What to work on: Omit all images, then repeat exactly the lines below from the one containing "Some of the text" through the one containing "this 1280×1280 image.", both ends included.

Material to process:
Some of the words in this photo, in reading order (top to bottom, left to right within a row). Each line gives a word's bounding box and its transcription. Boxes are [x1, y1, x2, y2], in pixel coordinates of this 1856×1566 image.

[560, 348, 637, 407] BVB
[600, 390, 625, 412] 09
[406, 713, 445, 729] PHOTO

---

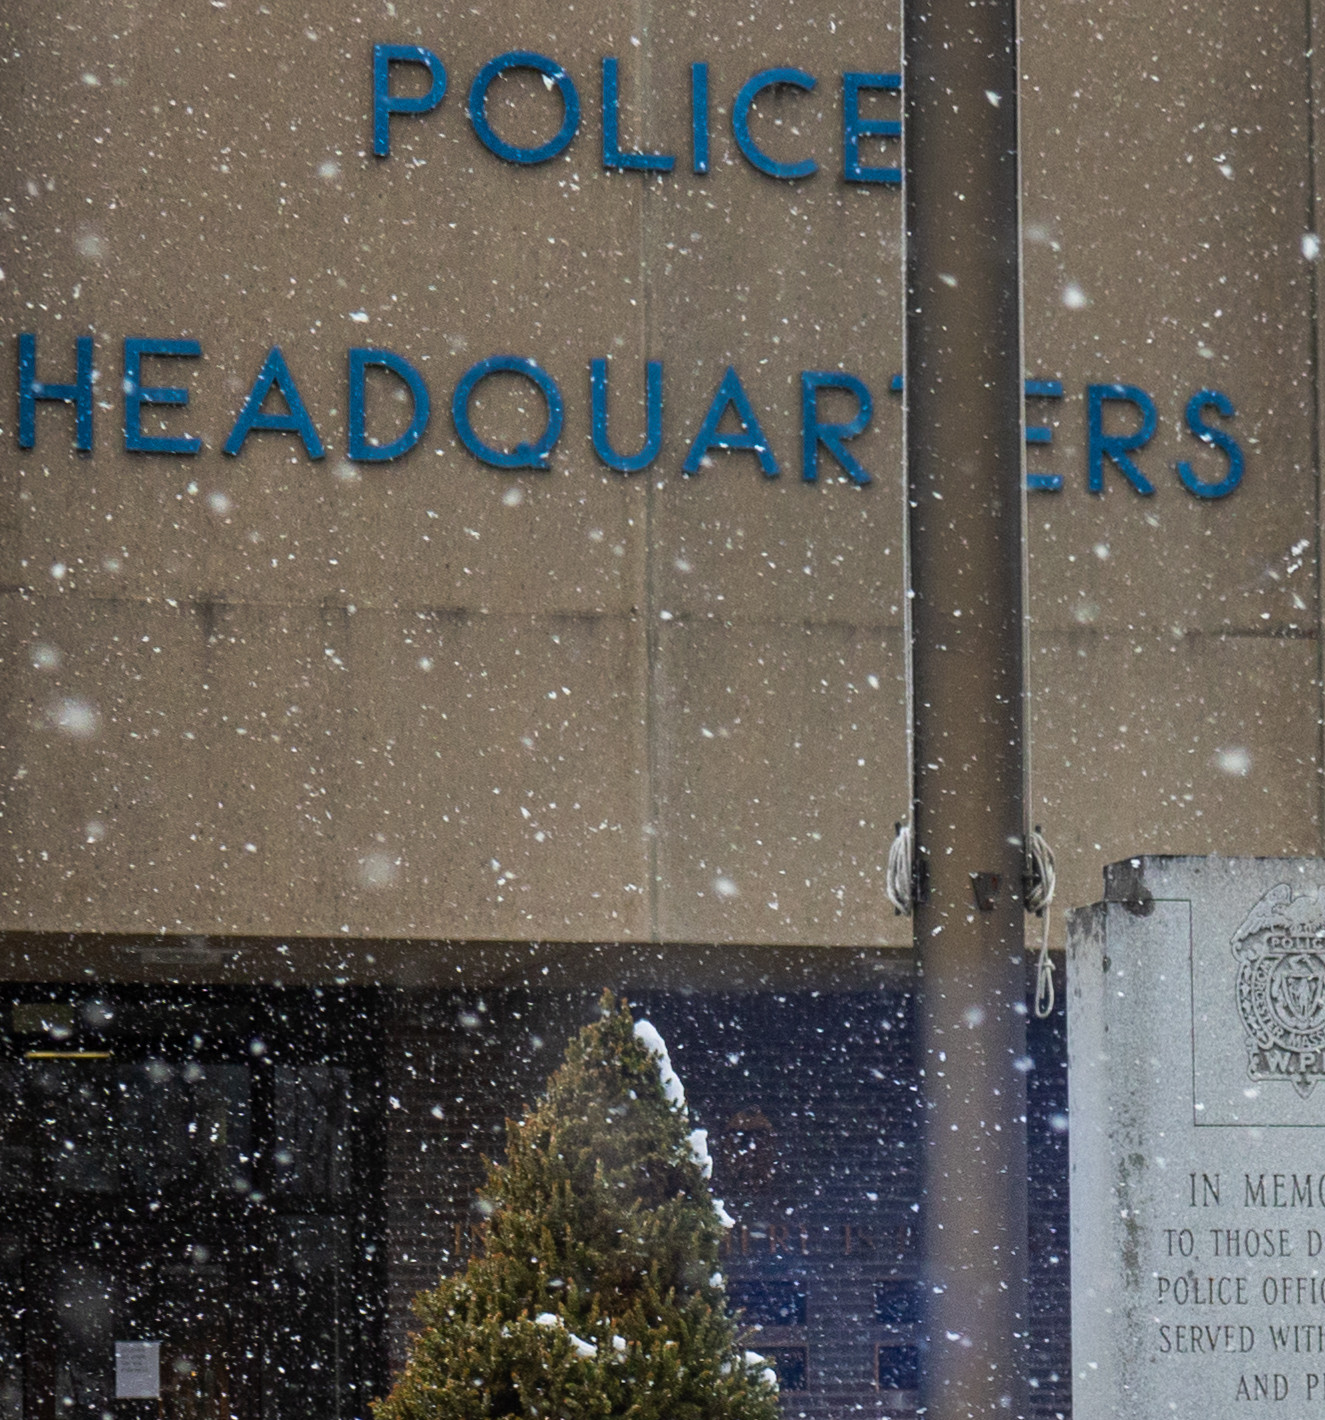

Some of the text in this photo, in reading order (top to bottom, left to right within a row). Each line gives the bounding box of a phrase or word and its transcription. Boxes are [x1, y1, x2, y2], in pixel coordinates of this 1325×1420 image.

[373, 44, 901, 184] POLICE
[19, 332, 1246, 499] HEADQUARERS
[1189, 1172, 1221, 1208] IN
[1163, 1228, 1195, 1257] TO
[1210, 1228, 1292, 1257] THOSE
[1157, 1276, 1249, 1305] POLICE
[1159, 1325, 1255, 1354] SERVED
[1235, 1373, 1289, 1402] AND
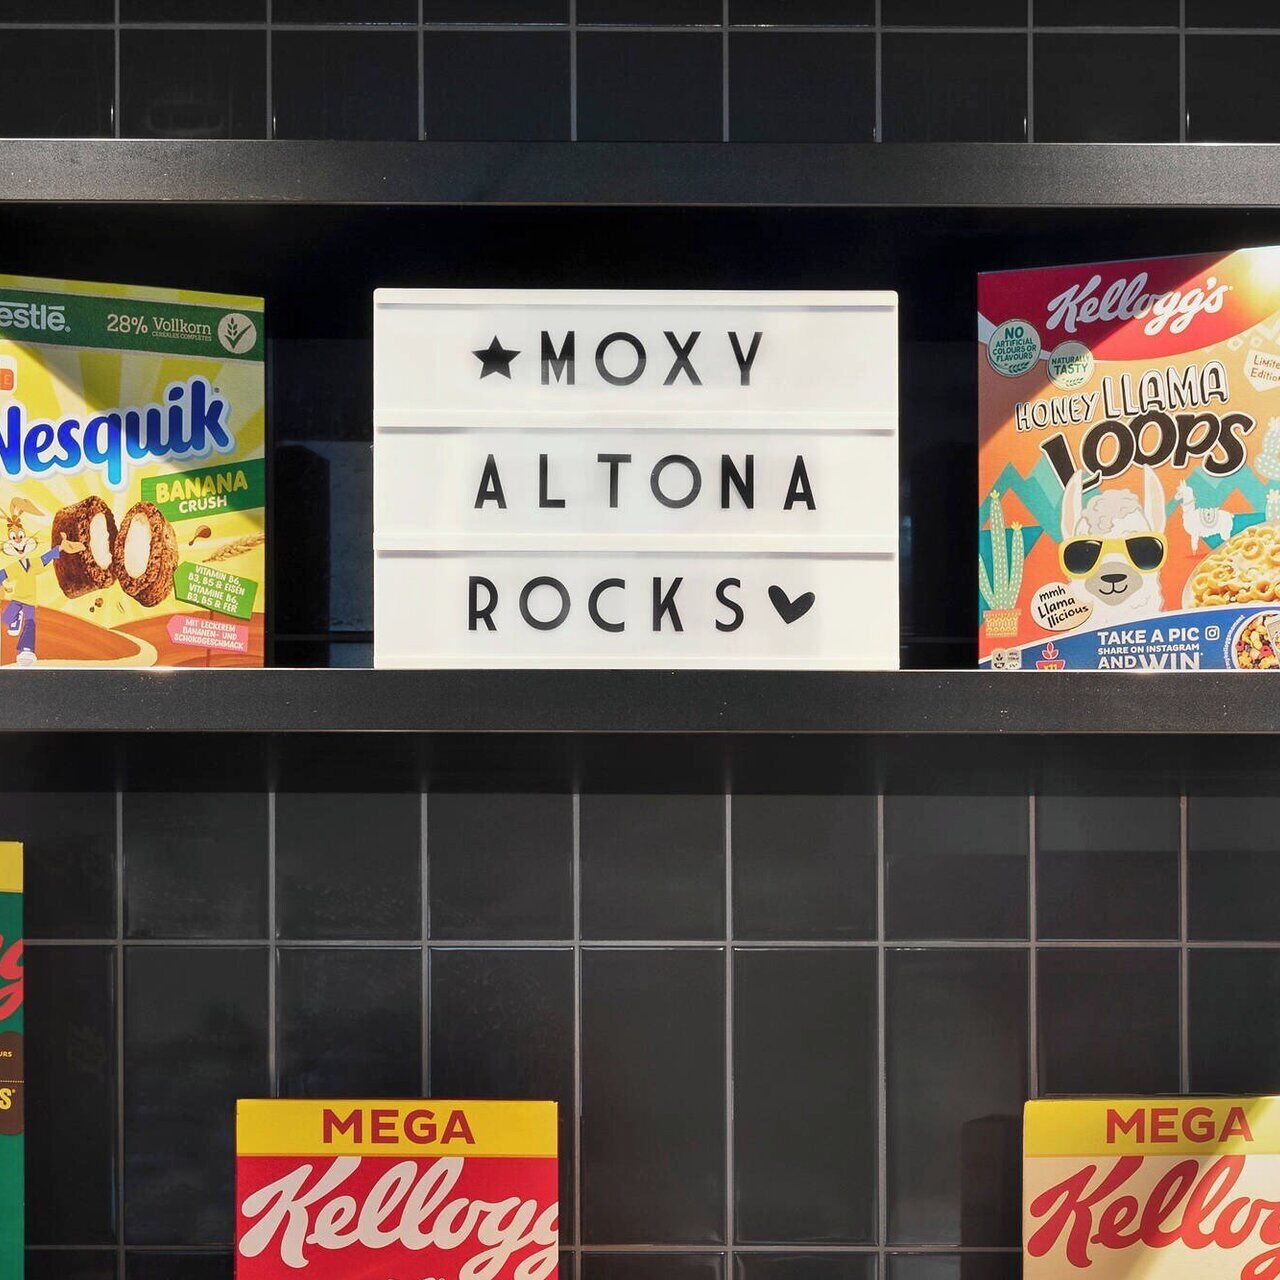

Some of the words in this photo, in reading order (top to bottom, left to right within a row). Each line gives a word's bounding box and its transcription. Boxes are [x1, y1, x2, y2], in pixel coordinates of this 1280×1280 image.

Solution to the problem:
Some of the text in this photo, in reading order (top to bottom, left to right within a row). Each line gives the bounding box of a phrase or word and its transcription. Boxes are [x1, y1, x2, y2], in pixel coordinates of this 1325×1420 image.

[373, 44, 901, 184] POLICE
[19, 332, 1246, 499] HEADQUARERS
[1189, 1172, 1221, 1208] IN
[1163, 1228, 1195, 1257] TO
[1210, 1228, 1292, 1257] THOSE
[1157, 1276, 1249, 1305] POLICE
[1159, 1325, 1255, 1354] SERVED
[1235, 1373, 1289, 1402] AND

Some of the words in this photo, in reading order (top to bottom, left to right within a row). Each line gives a word's bounding box and its transcription. Boxes are [x1, y1, x2, y2], in pixel coordinates of this 1280×1280 image.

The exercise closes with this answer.